—Nada de ridículo, me parece muy grave. Quiero que me lo cuentes todo. Todo lo que has hecho desde que nos vimos por última vez.
Amory lo contó; abordó todo, hasta la destrucción de sus métodos egoístas, y al cabo de media hora su voz ya no tenía aquel tono de indiferencia.
—¿Qué vas a hacer si dejas la universidad? —preguntó monseñor.
—No lo sé. Me gustaría viajar, pero con esta guerra interminable no se puede hacer nada. En cualquier caso, a mi madre no le va a gustar que no me gradúe. No sé qué hacer. Kerry Holiday me dice que vaya con él a incorporarme a la escuadrilla Lafayette.
—Sabes de sobra que eso no te apetece.
—A veces sí; anoche me hubiera ido.
—Bueno, tendrías que estar mucho más cansado de la vida de lo que creo que estás. Te conozco.
—Creo que sí —confesó Amory con desgana—. Me parecía una solución fácil para todo… cuando pienso en otro año interminable e inútil…
—Ya lo sé, pero, para decirte la verdad, no me preocupas demasiado. Me parece que progresas como es debido.
—No —rechazó Amory—. En un año he perdido la mitad de mi personalidad.
—Ni por asomo —refunfuñó monseñor—. Querrás decir que has perdido la mitad de tu vanidad, eso es todo.
—¡Bueno! De cualquier modo me siento como si estuviera todavía en el quinto curso de St. Regis.
—No —monseñor sacudió la cabeza—, aquello fue una desgracia, lo de ahora es una bendición. Lo que hayas de conseguir no te vendrá por los caminos que esperabas el año pasado.
—¿Y qué peor puede haber que mi actual falta de espíritu?

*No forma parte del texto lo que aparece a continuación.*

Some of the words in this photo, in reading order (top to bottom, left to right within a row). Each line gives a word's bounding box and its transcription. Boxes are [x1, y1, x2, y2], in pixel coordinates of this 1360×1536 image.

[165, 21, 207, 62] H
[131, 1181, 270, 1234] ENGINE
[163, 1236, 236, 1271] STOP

—Quizá en sí mismo… Pero piensa que estás en pleno desarrollo. Has tenido tiempo para pensar y echar por la borda todo tu viejo equipaje cargado de éxito, superhombre y todo eso. La gente como nosotros no vive de teorías como tú hacías. Hemos de hacer una cosa, y si nos dejan una hora al día para pensarla podemos lograr maravillas; pero en cuanto se mezcla ese afán de dominio, estamos perdidos, nos convertimos en borricos.
—Pero, monseñor, es que yo no tengo nada que hacer.

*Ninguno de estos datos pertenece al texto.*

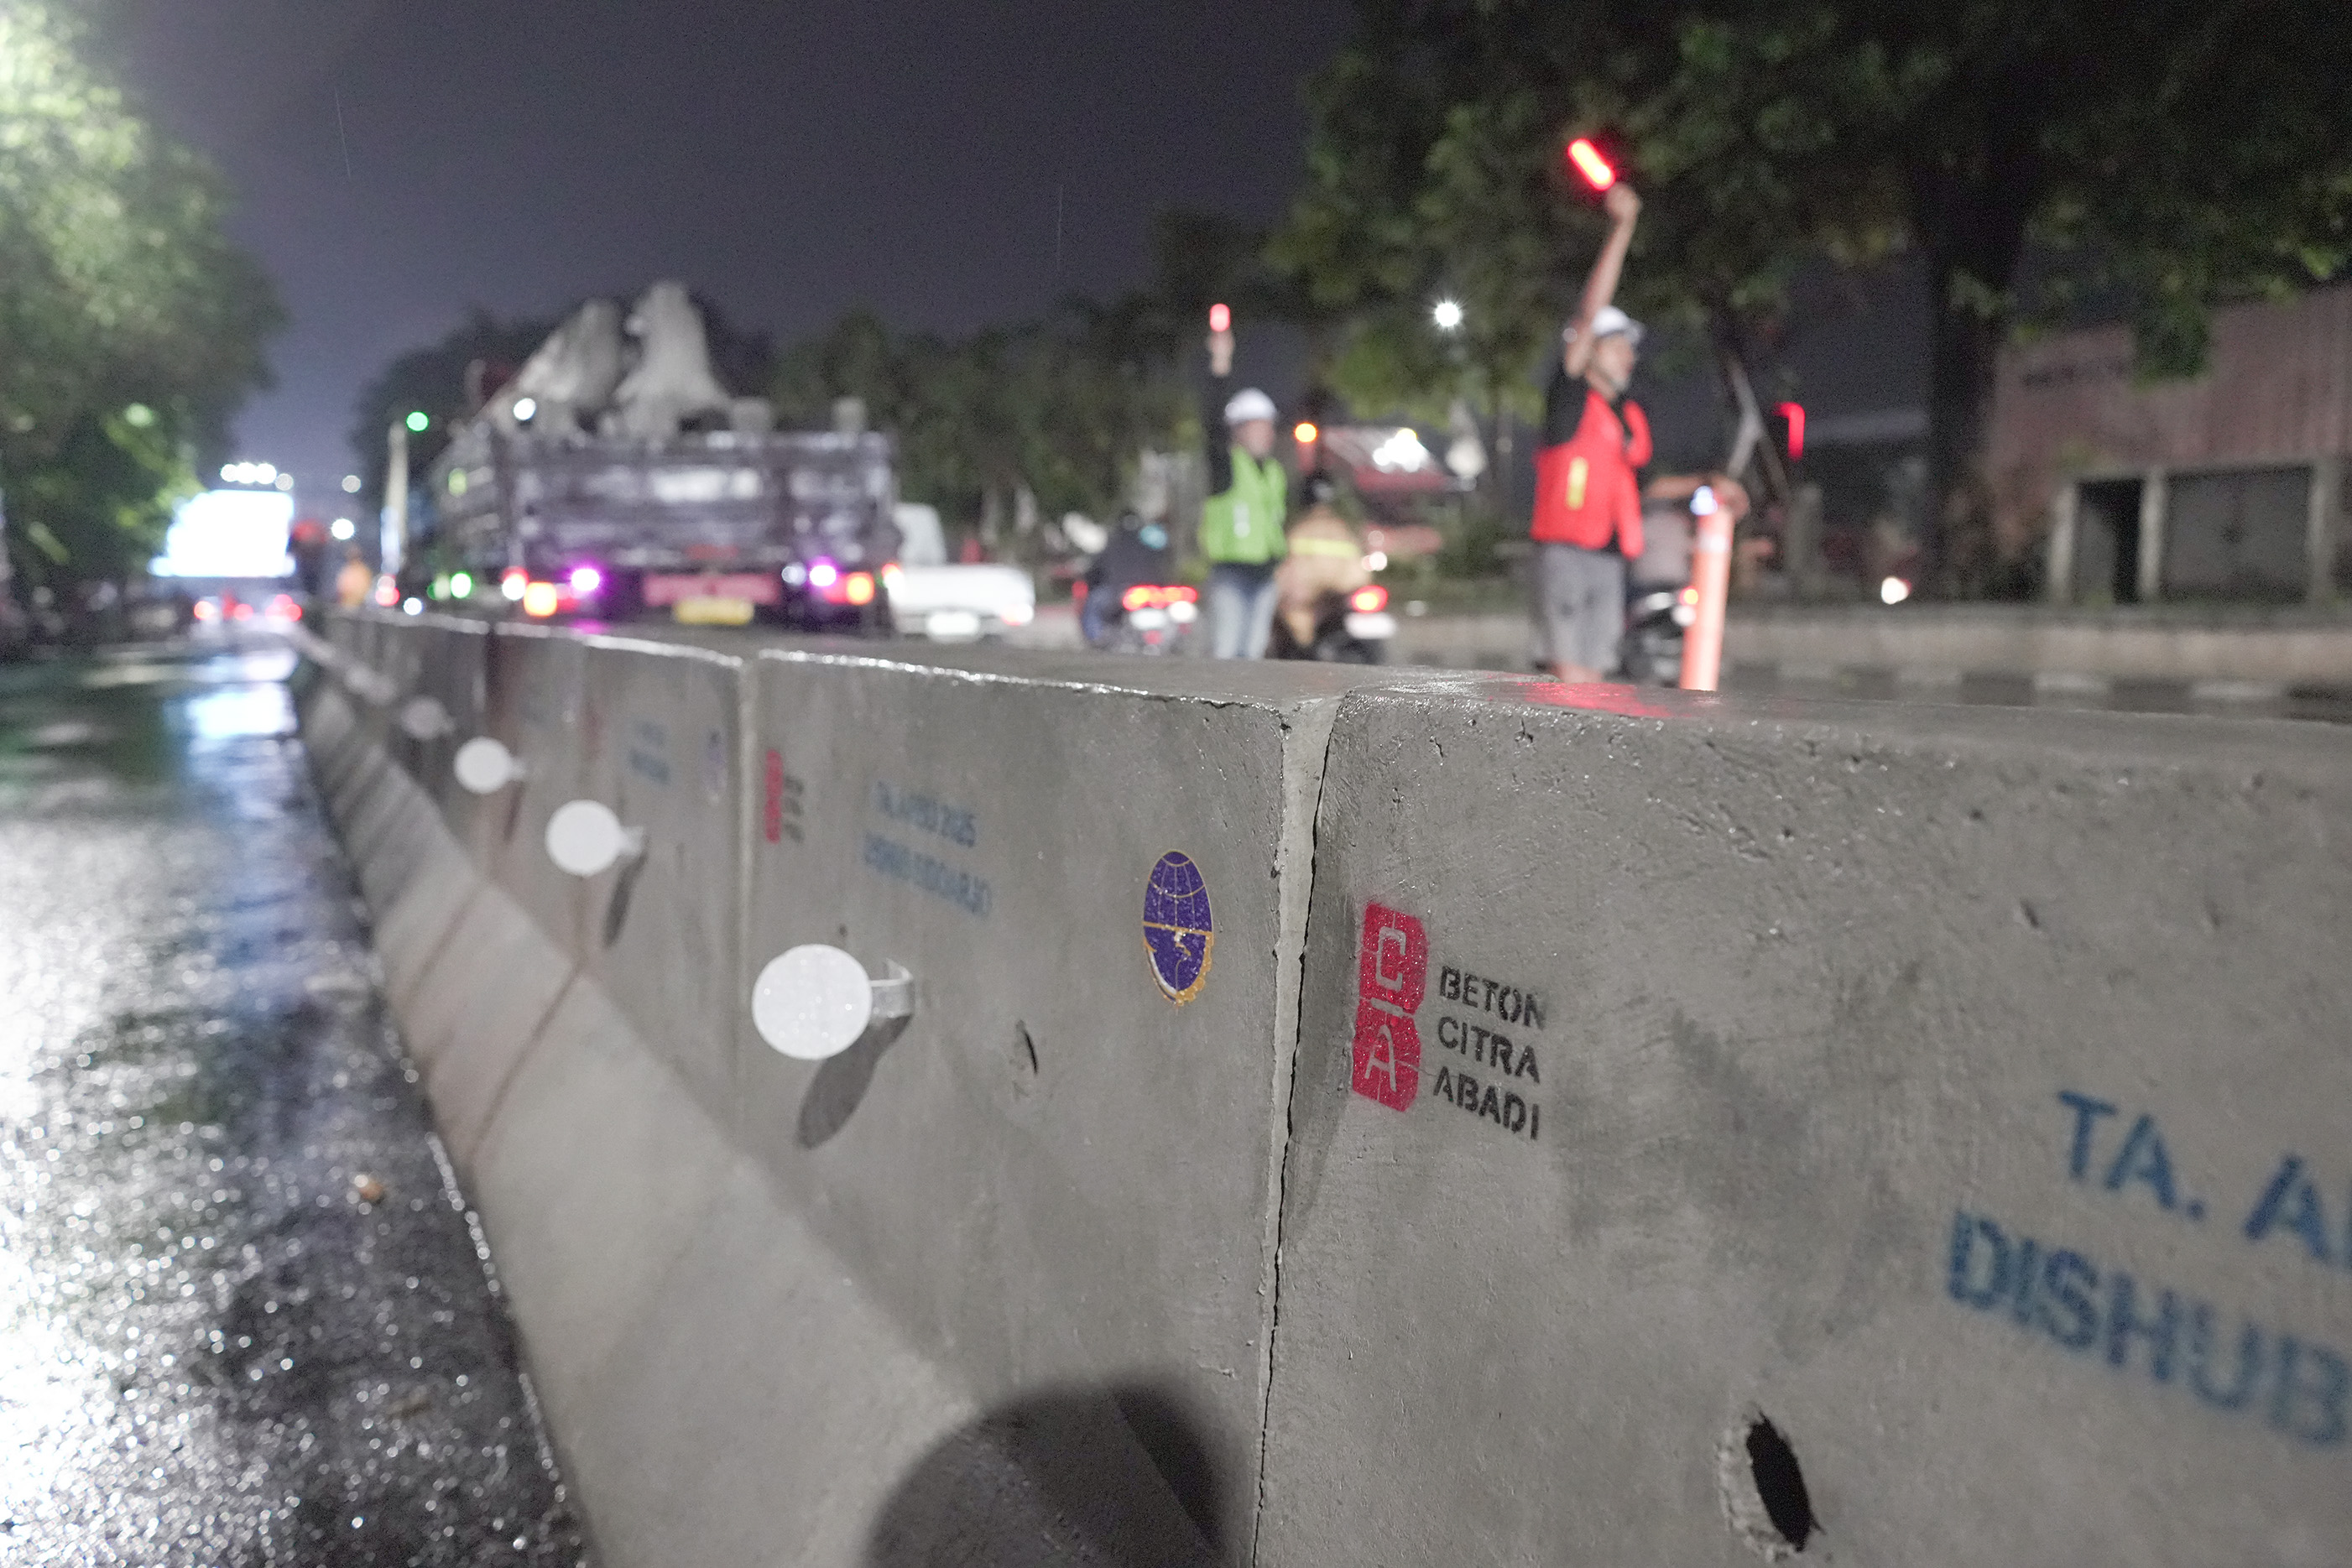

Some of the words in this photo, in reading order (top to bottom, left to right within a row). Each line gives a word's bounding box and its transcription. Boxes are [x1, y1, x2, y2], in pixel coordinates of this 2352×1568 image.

[1440, 966, 1544, 1029] BETON
[1437, 1016, 1541, 1084] CITRA
[1432, 1066, 1539, 1140] ABADI
[2058, 1090, 2204, 1222] TA.
[2244, 1154, 2352, 1268] A
[1948, 1211, 2352, 1445] DISHUB

—Amory, entre nosotros te diré que yo he aprendido a hacerlo hace muy poco. Puedo hacer un sinfín de cosas antes que la primera que tengo que hacer, con la cual tropiezo una y otra vez como tú has tropezado con las matemáticas este otoño.
—¿Y por qué hemos de hacer una cosa antes que otra? Me parece que es lo último para lo que estoy capacitado.
—Tenemos que hacerlo porque no somos personalidades, sino personajes.
—Eso está bien. ¿Cuál es la diferencia?
—Una personalidad es lo que tú querías ser, lo que, por lo que me dices, son Kerry y Sloane. La personalidad es algo casi exclusivamente físico, rebaja a la gente —yo la he visto desaparecer en una larga enfermedad—. Cuando una personalidad actúa, desprecia siempre la «primera cosa» por hacer. En cambio, el personaje se concentra, no se puede divorciar de lo que hace. Es como una barra de la que cuelgan muchas cosas, cosas brillantes a veces como las nuestras que el personaje utiliza con mentalidad calculadora.
—Algunas de mis más brillantes posesiones se cayeron cuando más las necesitaba —dijo Amory, conservando el símil con amargura.
—Así es; y cuando sientas que todo tu pomposo prestigio, tu talento y todo eso se ha venido al suelo, no tendrás necesidad de preocuparte por ellos; entonces podrás manejarlos a tu antojo.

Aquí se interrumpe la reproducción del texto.